Très bien préparés à ce type d’engagement, les militaires n’en sont pas moins très exposés à des actions souvent asymétriques où la réactivité, le sang-froid et la rigueur sont de mise face à un ennemi très déterminé. Au-delà, l’éthique du soldat se manifeste à chaque instant et témoigne que l’usage de la force au nom de la France se fait sous contrainte d’une haute exigence d’humanité. Ce régiment qui a payé le « prix » fort de son engagement dans Barkhane illustre ainsi l’attachement qu’il porte à des valeurs fondamentales portées à la dignité de la personne humaine. Le colonel Nicolas Meunier a ainsi pu démontrer les exigences induites dans une telle opération par l’environnement, la performance de l’emploi des outils de combats, la résilience des militaires très éprouvés par la dureté des missions et leur durée. Il a aussi pu mettre en avant une véritable réflexion éthique qui a suscité un très vif intérêt des auditeurs de la session. Ce fut une très belle intervention qui a permis de mettre en perspective les enjeux de la préparation opérationnelle présentée le jour même par le chef de corps du 21ème RIMa. 

Le lendemain, le vendredi 18 juin, les auditeurs se sont rendus aux écoles militaires de Draguignan. L’ambition de cette séquence était de partager avec les auditeurs la vision stratégique du chef d’état-major de l’armée de terre permettant d’appréhender les grands enjeux de l’armée de terre à l’horizon 2030. Cet horizon est proche et les défis sont nombreux. Le général de brigade Rémy Cadapeaud, commandant les écoles militaires de Draguignan, a livré avec beaucoup de clarté et de précision ce que représentait cette vision stratégique.
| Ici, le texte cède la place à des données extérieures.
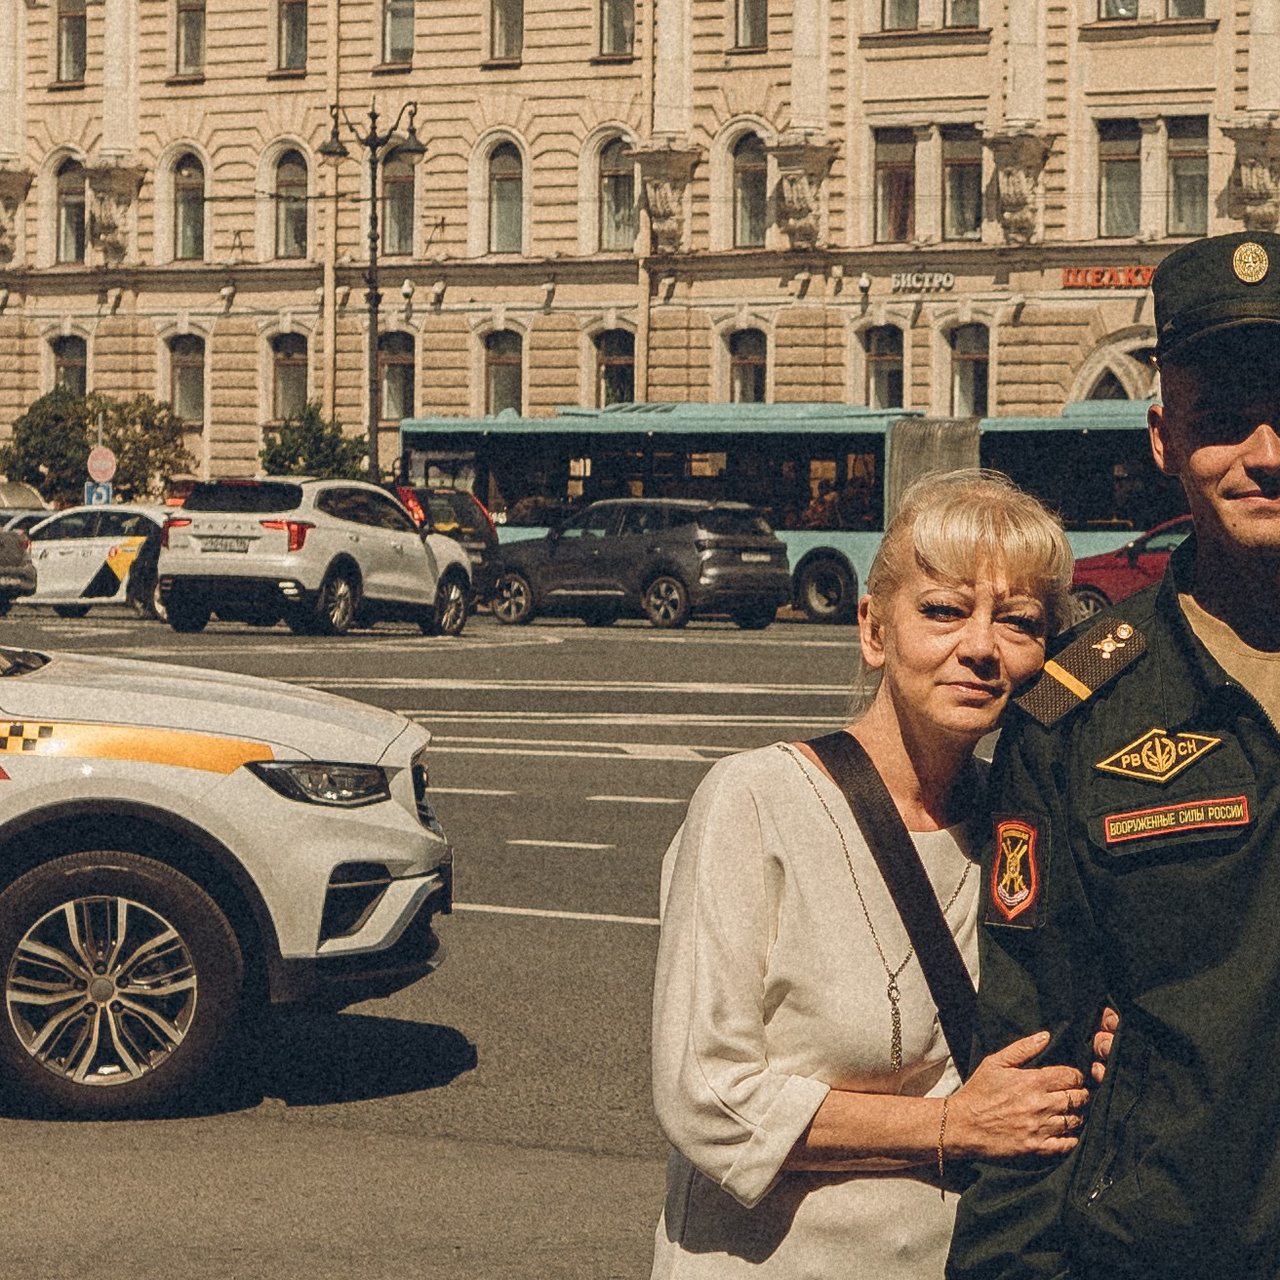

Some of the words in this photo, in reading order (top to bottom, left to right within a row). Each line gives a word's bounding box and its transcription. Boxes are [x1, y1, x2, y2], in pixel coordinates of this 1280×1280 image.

Evidemment, le contexte international sous-tend de nombreux risques et les conflits de haute intensité ne sont plus des hypothèses aussi lointaines qu’elles pouvaient paraître à l’époque où le multilatéralisme semblait annoncer la fin de l’histoire pour un monde résolument en paix. Il ne s’agit donc pas de dramatiser l’avenir mais de le préparer avec lucidité et réalisme. Cette présentation est essentielle à la compréhension globale des enjeux de défense et de sécurité pour les auditeurs des sessions méditerranéennes des hautes études stratégiques.
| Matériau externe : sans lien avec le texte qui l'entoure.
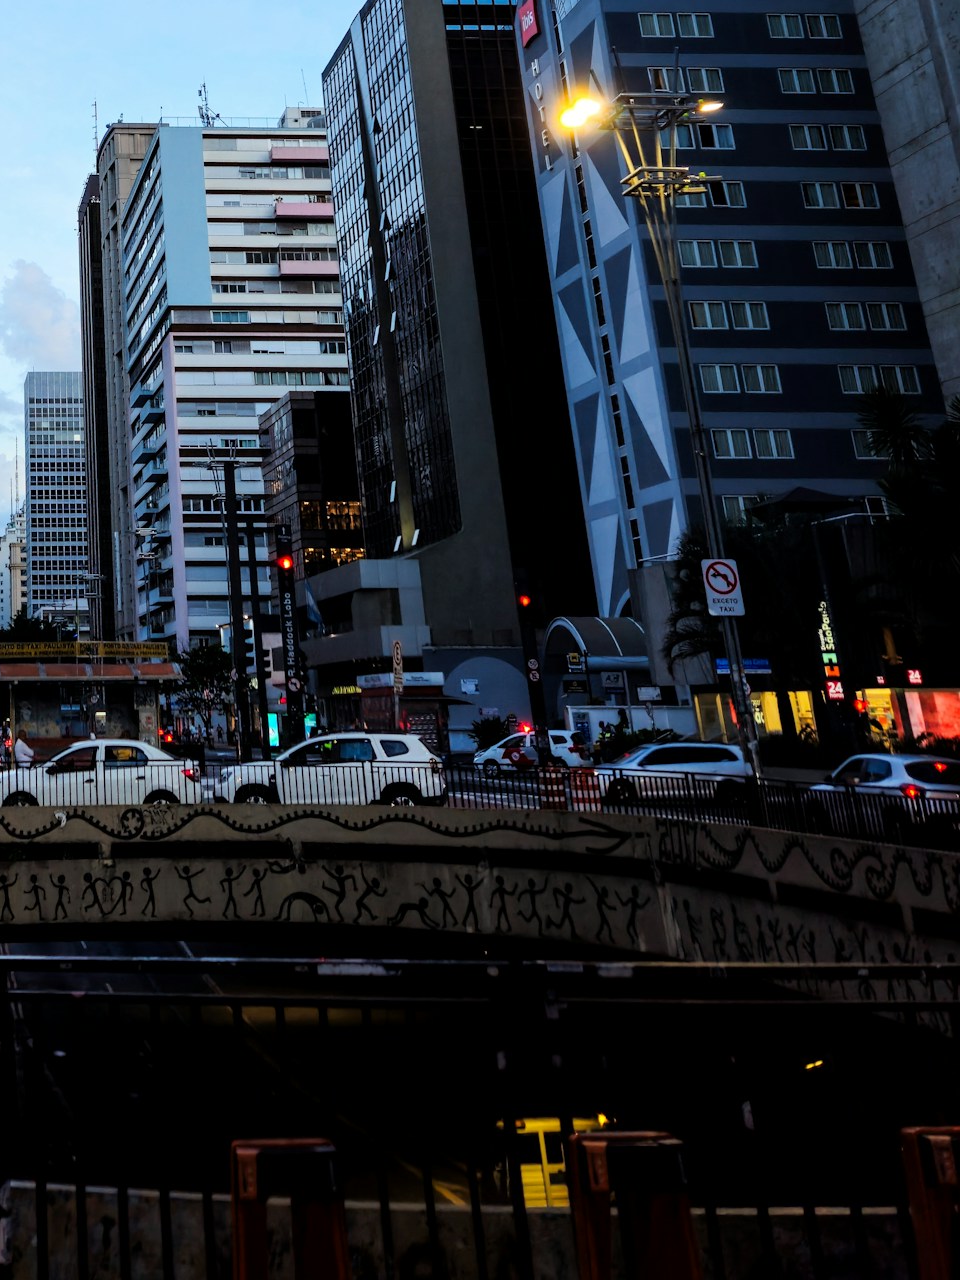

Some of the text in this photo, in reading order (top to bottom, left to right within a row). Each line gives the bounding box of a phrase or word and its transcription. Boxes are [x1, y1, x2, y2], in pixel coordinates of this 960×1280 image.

Elle aussi est essentielle pour mieux comprendre les enjeux de la préparation opérationnelle et de l’entrainement des forces qu’ils ont pu apprécier lors de la visite régimentaire. Au terme de cette présentation, le programme Scorpion (synergie du contact renforcée par la polyvalence et l’infovalorisation) a été décrit, poursuivi par une présentation dynamique qui souligne l’entrée de l’armée de terre dans une nouvelle ère capacitaire où les équipements doivent démultiplier leurs effets en étant interconnectés. Mais, ne vous y trompez pas, la numérisation de l’espace de bataille ne fera pas tout et la préparation opérationnelle du combattant reste une priorité absolue. La vraie puissance vient des hommes et leur formation est consubstantielle de « la supériorité opérationnelle 2030 ».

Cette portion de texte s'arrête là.